→ **TASK ITEM**
When you come to a picture, pass over it, and set down the entries below exactly.

BEGIN

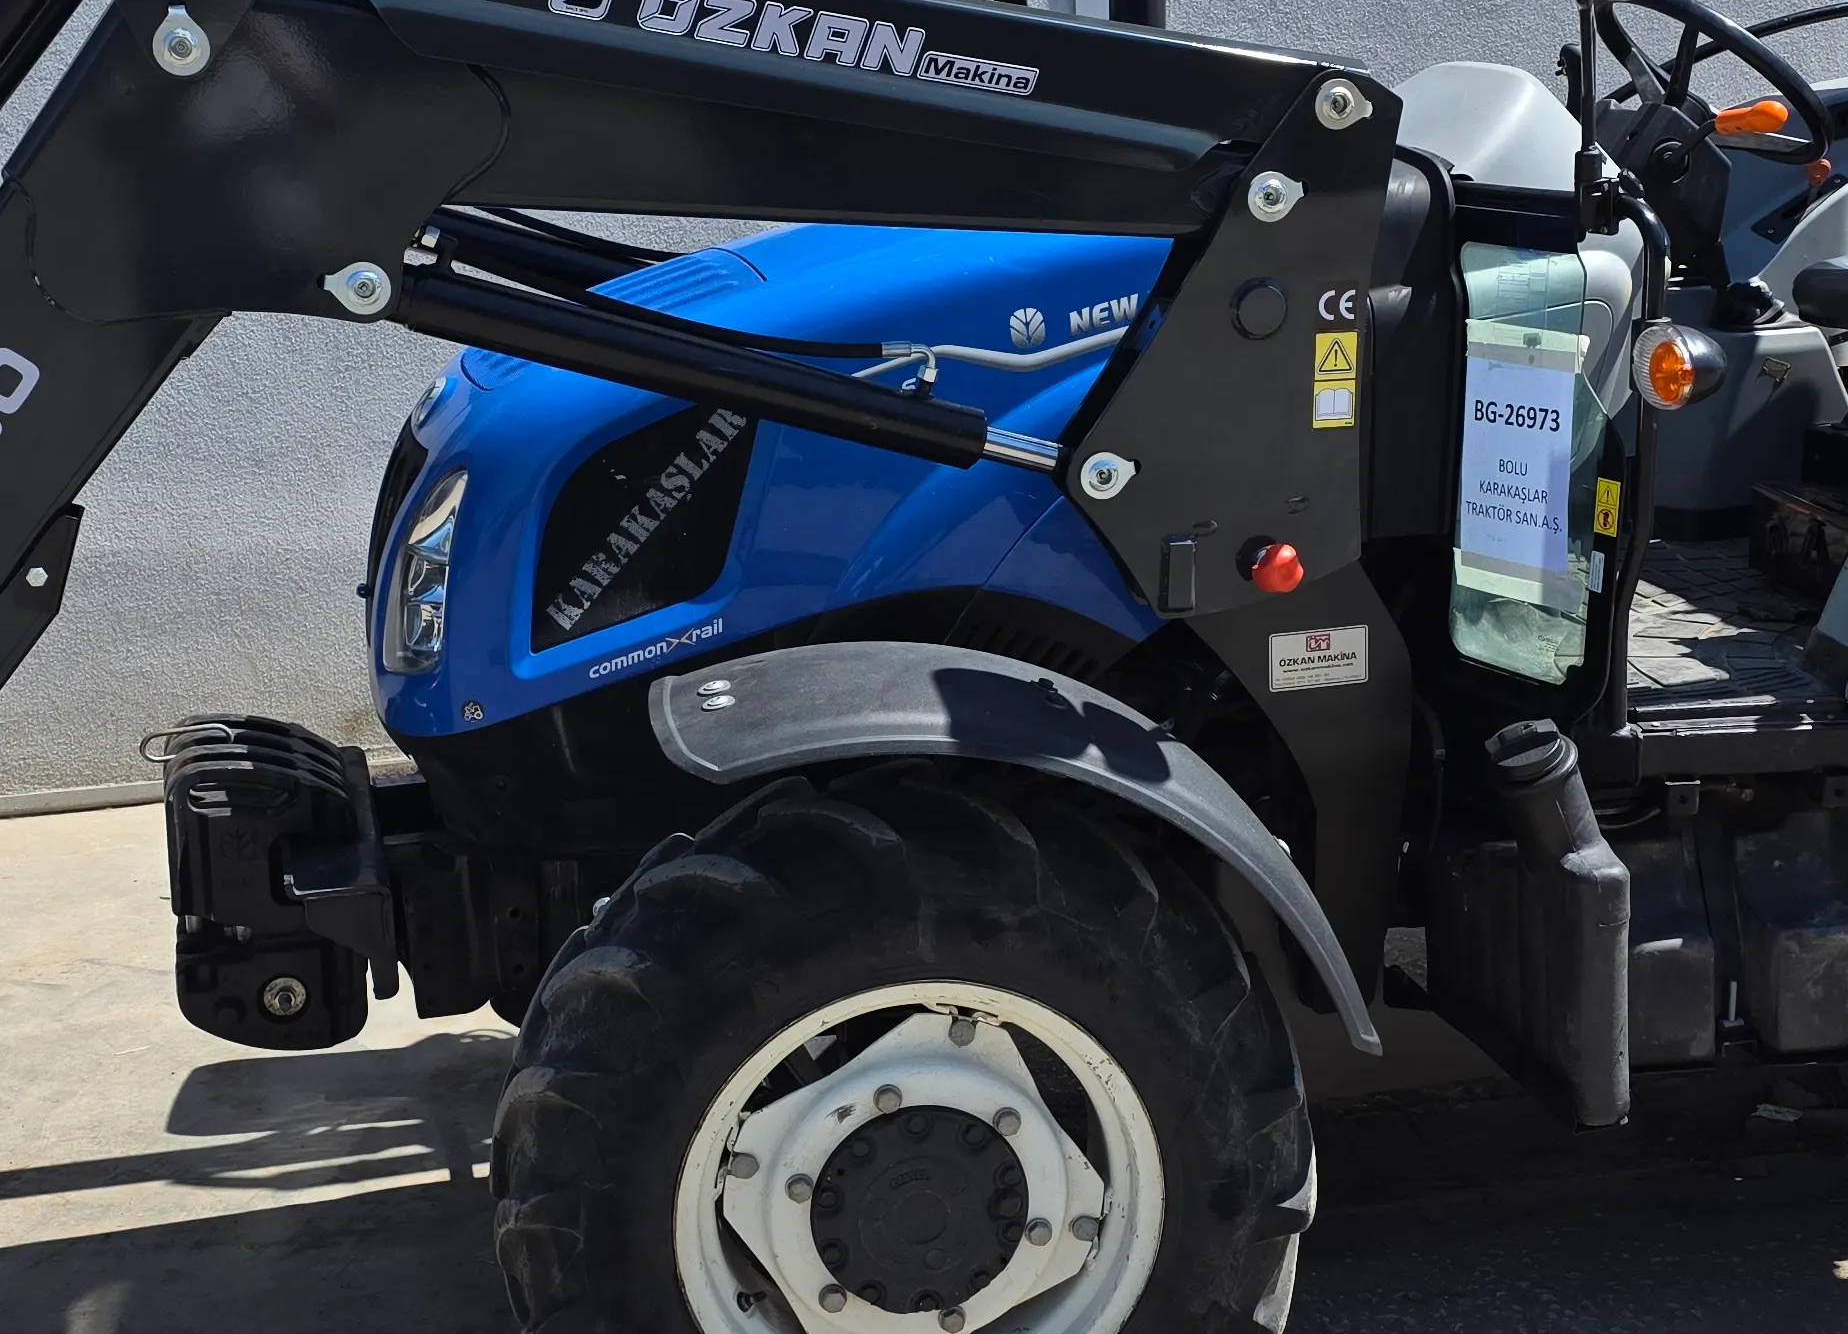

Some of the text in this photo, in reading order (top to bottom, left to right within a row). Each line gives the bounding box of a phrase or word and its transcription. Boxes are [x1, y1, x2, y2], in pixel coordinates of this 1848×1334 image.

[922, 56, 1031, 92] Makina
[1069, 293, 1139, 336] NEW
[1318, 289, 1356, 321] CE
[1474, 399, 1561, 432] BG-26973
[1498, 458, 1528, 476] BOLU
[1479, 479, 1549, 505] KARAKAŞLAR
[1466, 500, 1563, 535] TRAKTÖR SAN.A.Ş.
[588, 617, 724, 680] common rail
[1317, 651, 1358, 664] MAKİNA
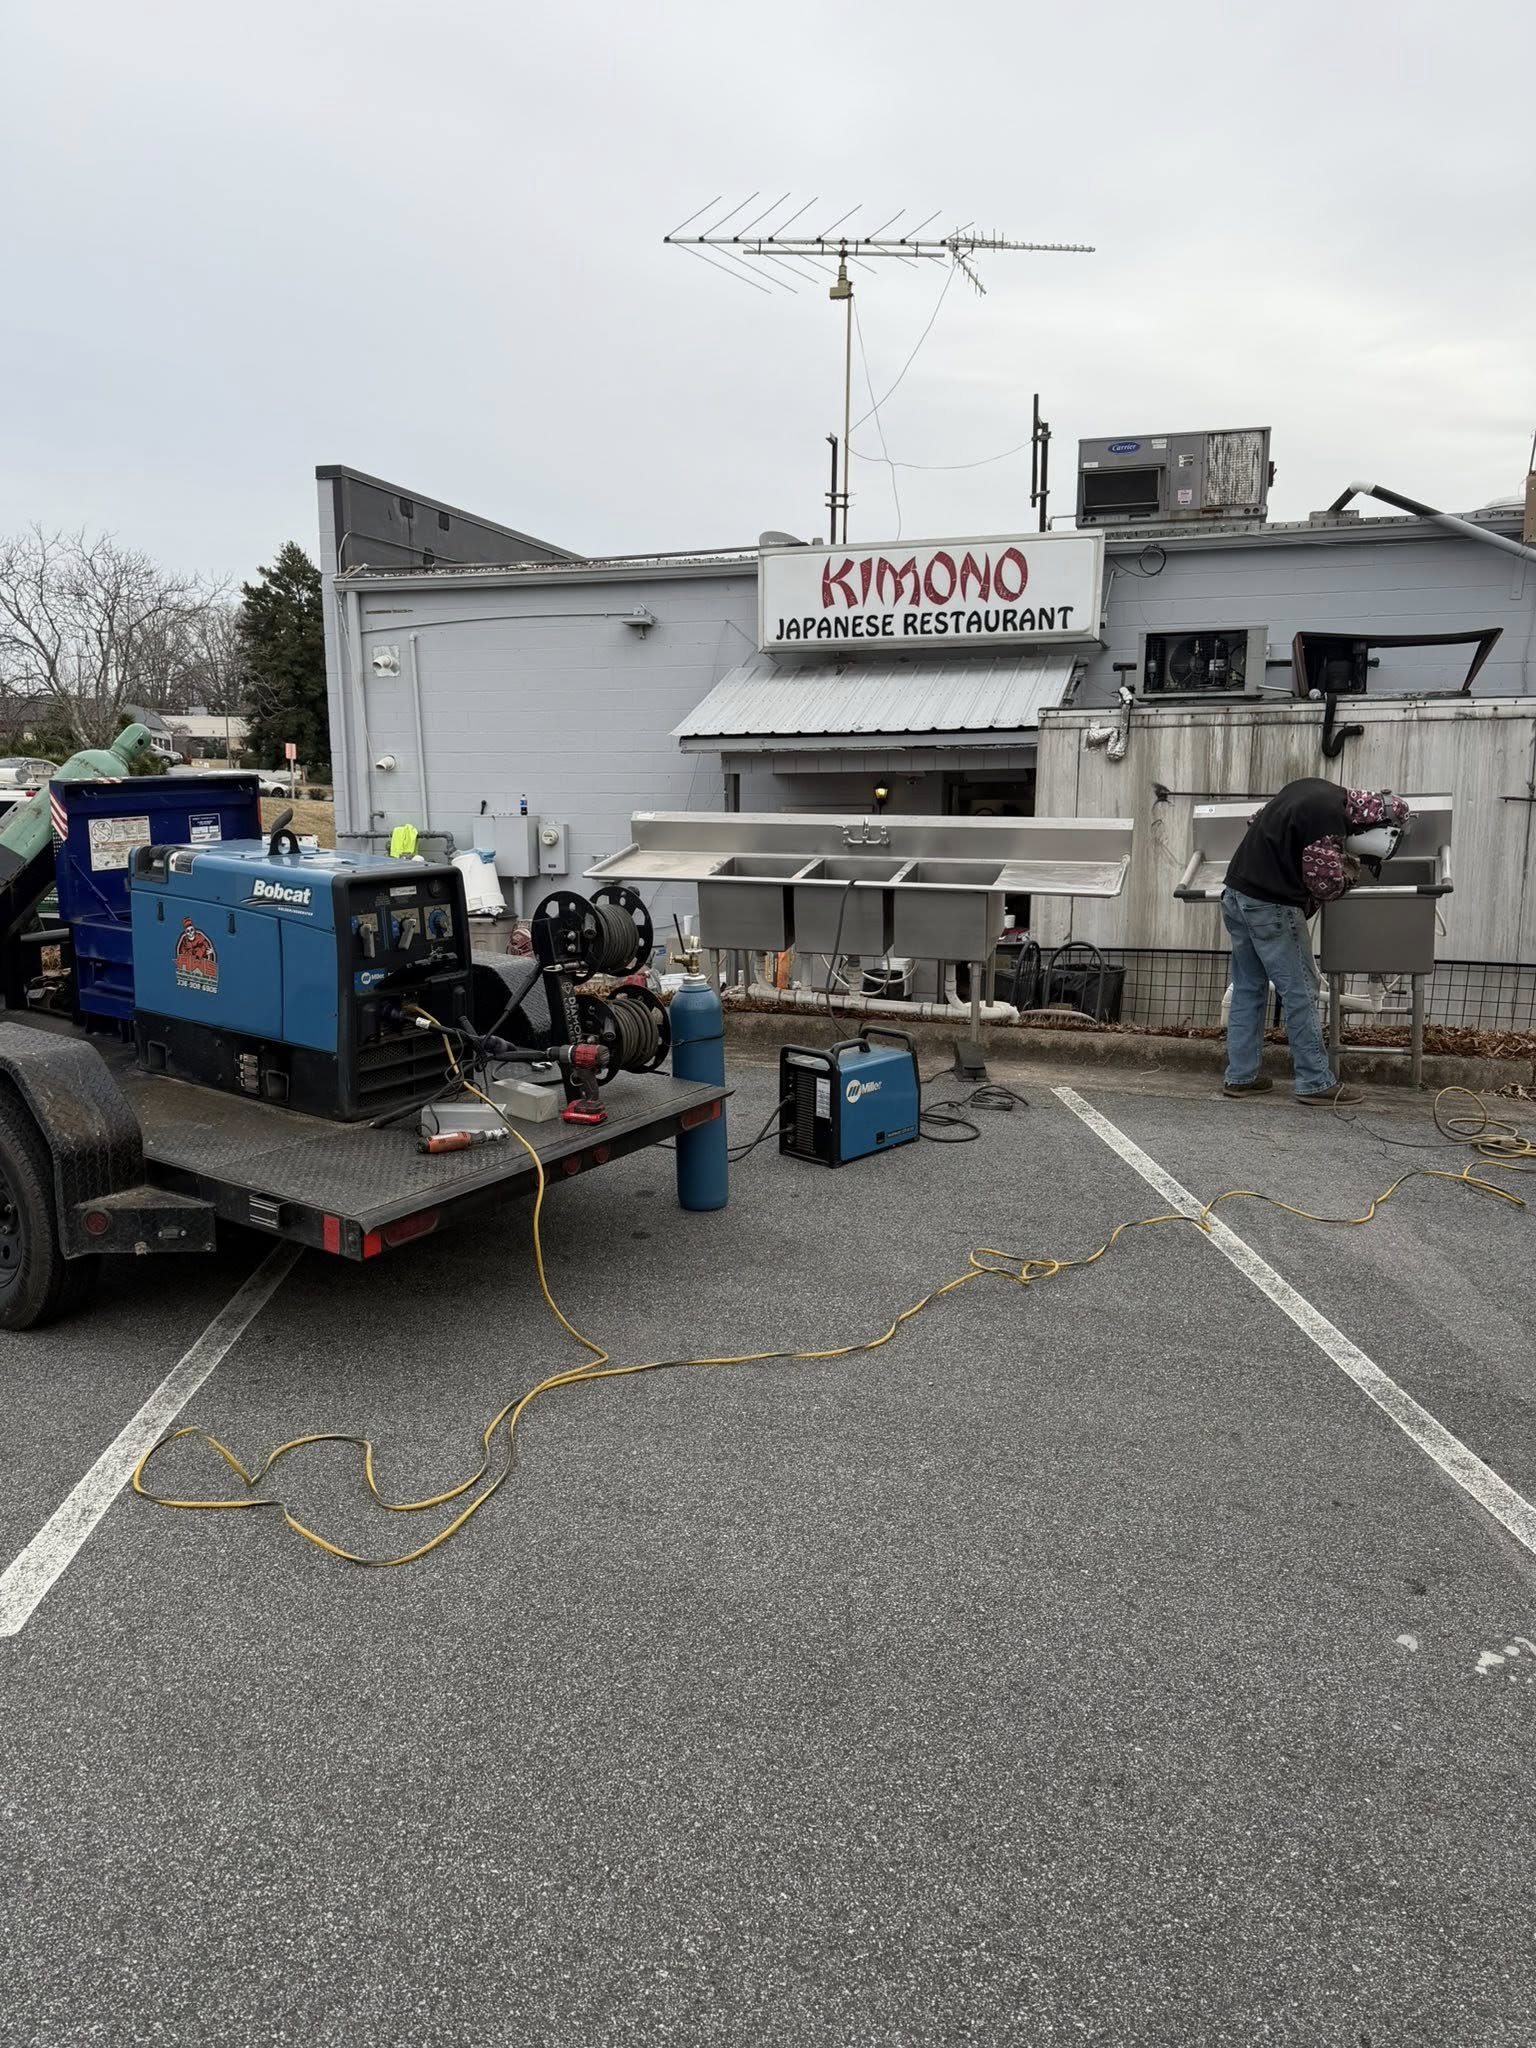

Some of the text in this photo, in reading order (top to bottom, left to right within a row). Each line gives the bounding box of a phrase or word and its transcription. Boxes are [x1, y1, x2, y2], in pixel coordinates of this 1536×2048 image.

[1112, 444, 1137, 452] Carrier
[821, 547, 1029, 610] KIMONO
[776, 605, 1075, 640] JAPANESE RESTAURANT
[253, 879, 312, 905] Bobcat
[861, 1081, 882, 1094] Miller
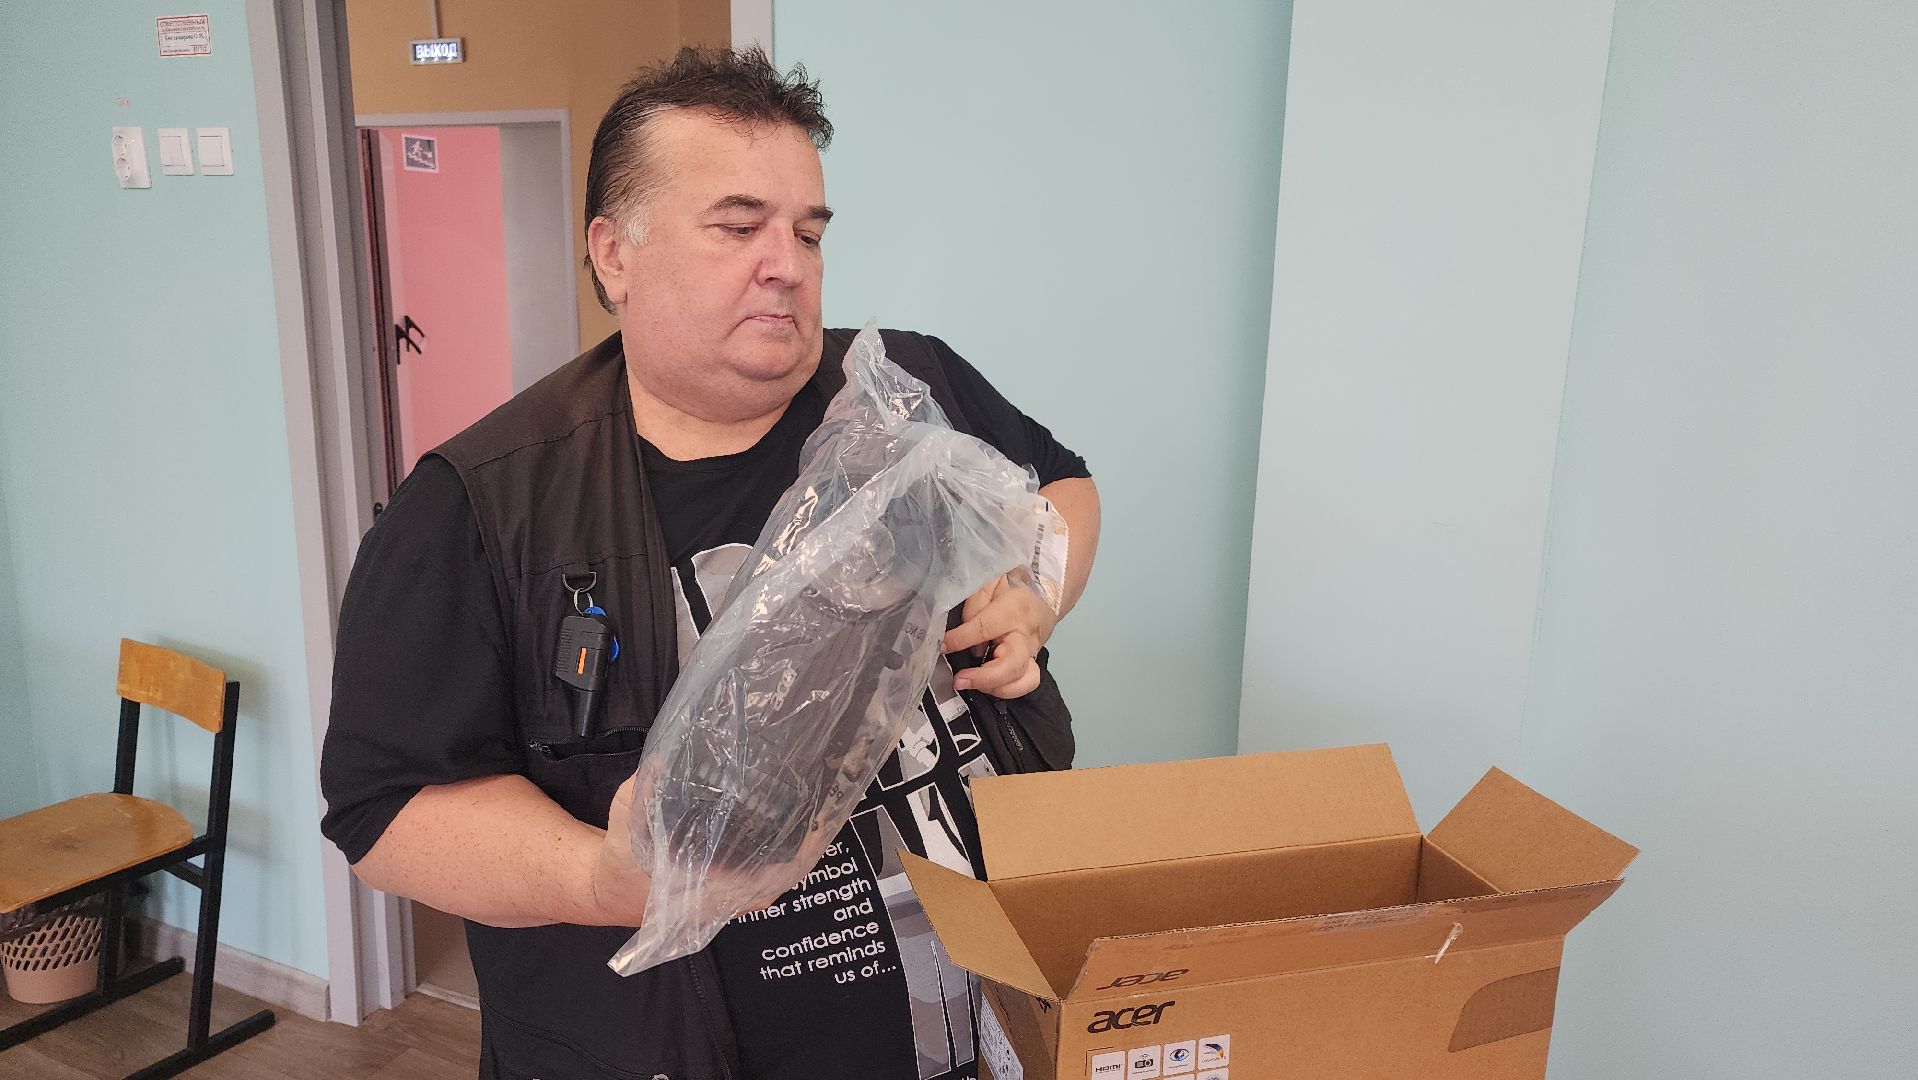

END

→ **OUTPUT**
Some of the text in this photo, in reading order (top to bottom, left to right within a row). Each line gives the bounding box of a phrase or word and its transcription. Boxes are [x1, y1, x2, y2], in pixel coordinates of this 1848×1334 image.

[922, 56, 1031, 92] Makina
[1069, 293, 1139, 336] NEW
[1318, 289, 1356, 321] CE
[1474, 399, 1561, 432] BG-26973
[1498, 458, 1528, 476] BOLU
[1479, 479, 1549, 505] KARAKAŞLAR
[1466, 500, 1563, 535] TRAKTÖR SAN.A.Ş.
[588, 617, 724, 680] common rail
[1317, 651, 1358, 664] MAKİNA

Some of the text in this photo, in reading order (top to bottom, left to right within a row). Each line gives the bounding box of a phrase or word and its transcription. Boxes are [x1, y1, x2, y2], in pixel coordinates of this 1536×2048 image.

[1112, 444, 1137, 452] Carrier
[821, 547, 1029, 610] KIMONO
[776, 605, 1075, 640] JAPANESE RESTAURANT
[253, 879, 312, 905] Bobcat
[861, 1081, 882, 1094] Miller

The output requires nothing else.